But the Ranger talks to her as if her opinion is worth something, as if they are _equals,_ and that is something that she has never experienced from anyone but her sister. The Ranger plays dice with her and swears when she cheats and doesn’t call her victories invalid. The Ranger laughs while she teaches the hopeless Shireling children the basics of how to take care of oneself, but not in a cruel way at all.

The children are themselves delightful—the two jokers more troublesome and more ineffably friendly than anyone she has ever met, the Ring-bearer herself as kind as she is shy, her gardener/self-appointed bodyguard steadfast and smart-mouthed.

She _likes_ these people—she would charge up and stab the Enemy himself for them—and she is dumbfounded and angry at herself, at the time she should be spending manipulating the Ring out of them for the white city but cannot bring herself to do it.

 

 

And then the gray witch vanishes into the chasm of the mines.

Whatever hope she had nearly found in her eight companions (eight, the best number) vanishes after her.

 

 

“Please, you aren’t in your right mind,” the girl Calliope shouts, scrabbling in the fallen leaves with her spindly little arms. There is nothing the child can do: She, the knight, is bigger and stronger and heavier, and the girl Calliope has always preferred to sit and watch the sword lessons than participate. “It’s the Ring that does this to you. Vriska, please, I know you are stronger than this.”

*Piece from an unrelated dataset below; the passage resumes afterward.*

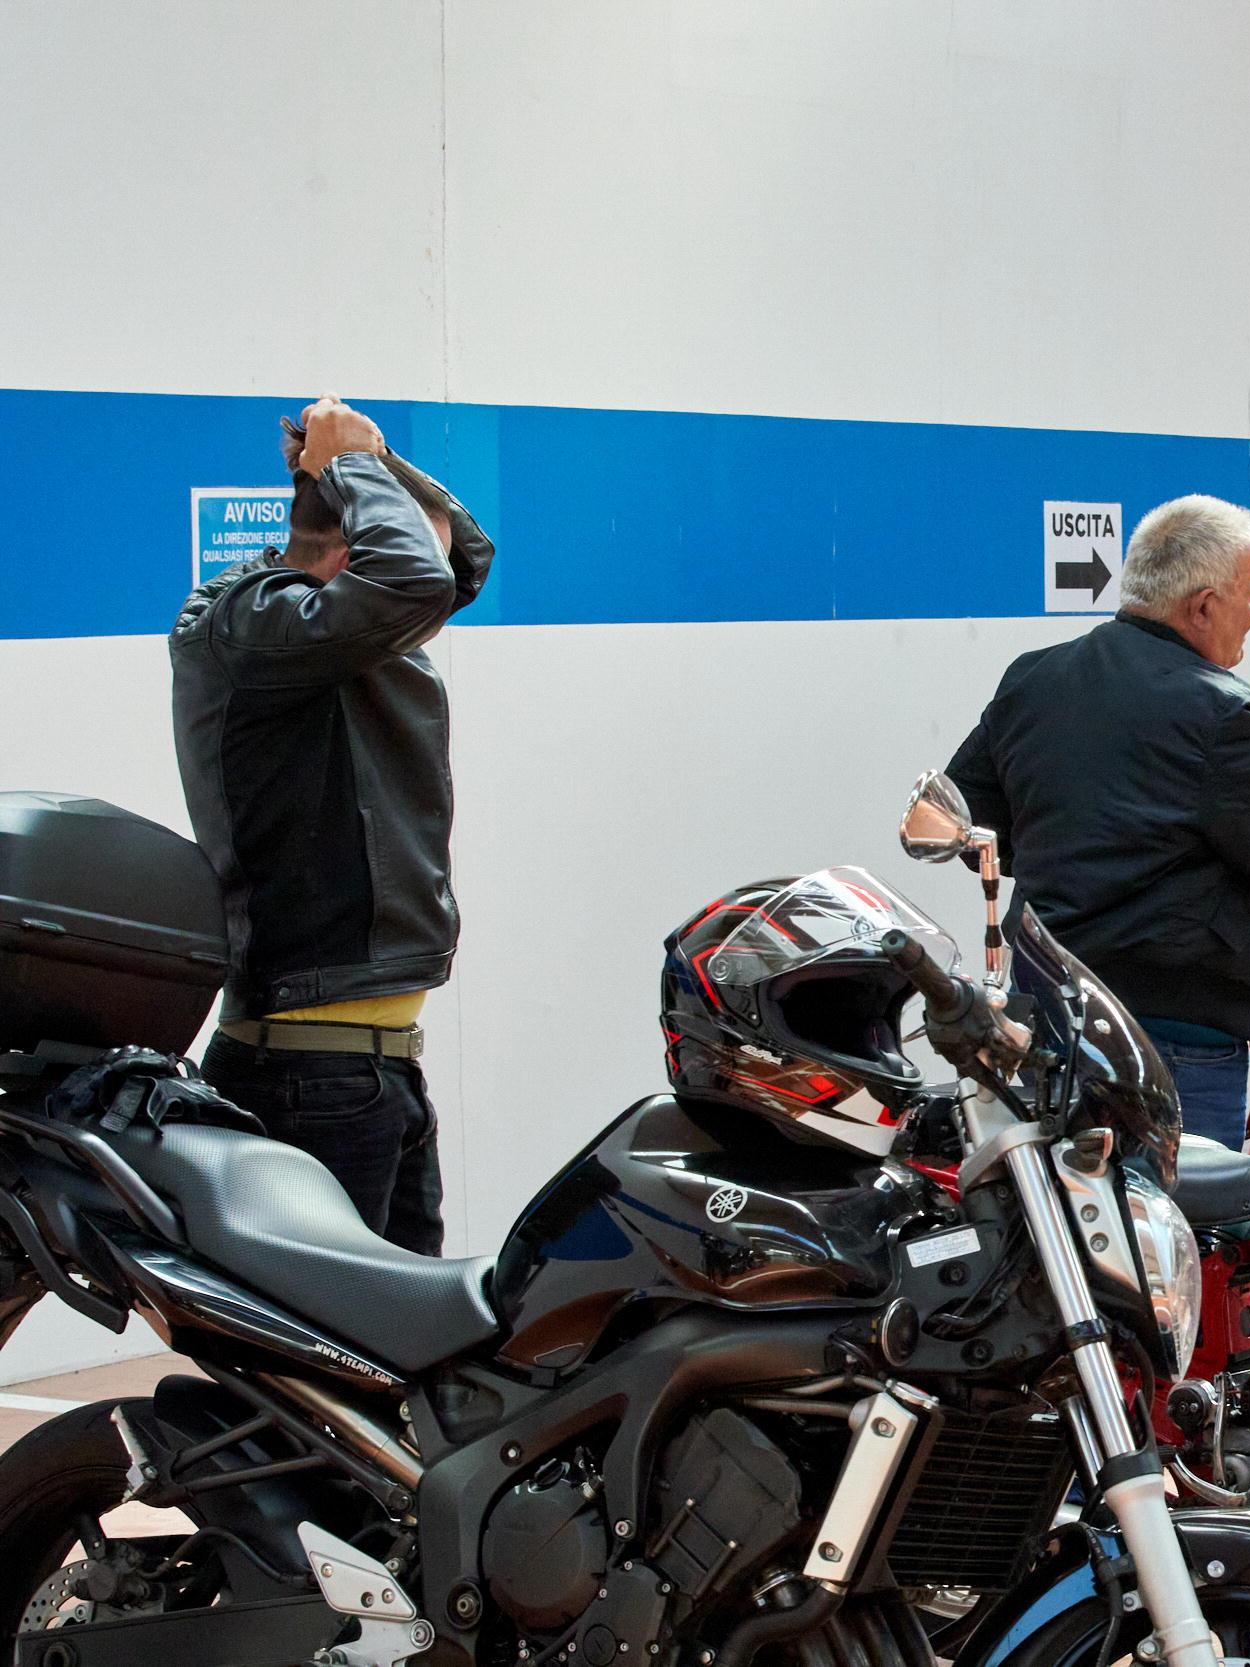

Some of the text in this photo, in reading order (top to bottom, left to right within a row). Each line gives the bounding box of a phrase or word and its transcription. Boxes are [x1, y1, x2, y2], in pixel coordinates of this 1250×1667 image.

She hesitates just a moment, and when she brings her blade down the girl has already slipped the Ring over her finger, disappeared.

 

 

 _I’ve ruined this like I ruin everything,_ she realizes as the earth begins to echo with the marching steps of the Enemy’s troops. _My mother is right. I am worthless._

 

 

There is only one way to redeem herself, to end her paltry existence as a hero and not a villain, and if it is protecting those children she would have done it anyway.

“Vriskers, no,” squeaks the younger of the two. Her sister is mute, both hands clapped over her mouth in horror.

 She’ll never measure up to her mother even in the end, but even so, even failing in this, she will cut the enemy down until she can no longer stand.

 

 

“I fucked up,” she says through a mouthful of blood.

“Shoosh,” says the Ranger, patting a callused hand to her scraped-up cheek. “You shelly beach, you did fine. Calliope’s got away. She’ll get it done.”

“I cannot _believe,”_ she says, “you are making dumb puns at me while I’m dying.”

“Fuck you, my puns ain’t either dumb.” She raises both middle fingers, but her eyes are wet, and that’s enough. She never thought anyone but her sister would be willing to cry just for her. She’s so happy about that, she almost doesn’t care it’s come to this. Maybe if she were a better person, she’d be ashamed of herself for it, but she isn’t, and the Ranger’s face is dripping with tears even over her imperfect self.

“Just so you know, I’d have followed you,” she says, and closes her eyes. “My queen.”

 

 

_Scratch (side-A)_

And the elder daughter takes her sword and the horn of her people, and she departs for the Council—a Council where she sits uncomfortably between representatives of many nations and many races, and one of those representatives is a woman of haggard beauty and chiseled fuchsia lips and the starred brow of a queen, and a scrawny girl-child brings forth a Ring, and there is a lot of nonsense about the former being the true heir to her city and the destruction of the latter’s gift being the only hope for the Enemy’s defeat. 

The elder daughter raises her voice sternly—this weapon ought to belong to her city, her knights who have lived and died and bled to keep these ignorant fools alive—but she is drowned out, and she sits and seethes and in the reflective surface of the Ring she can see her mother’s smile, hear her mother at last proclaim that she is proud. 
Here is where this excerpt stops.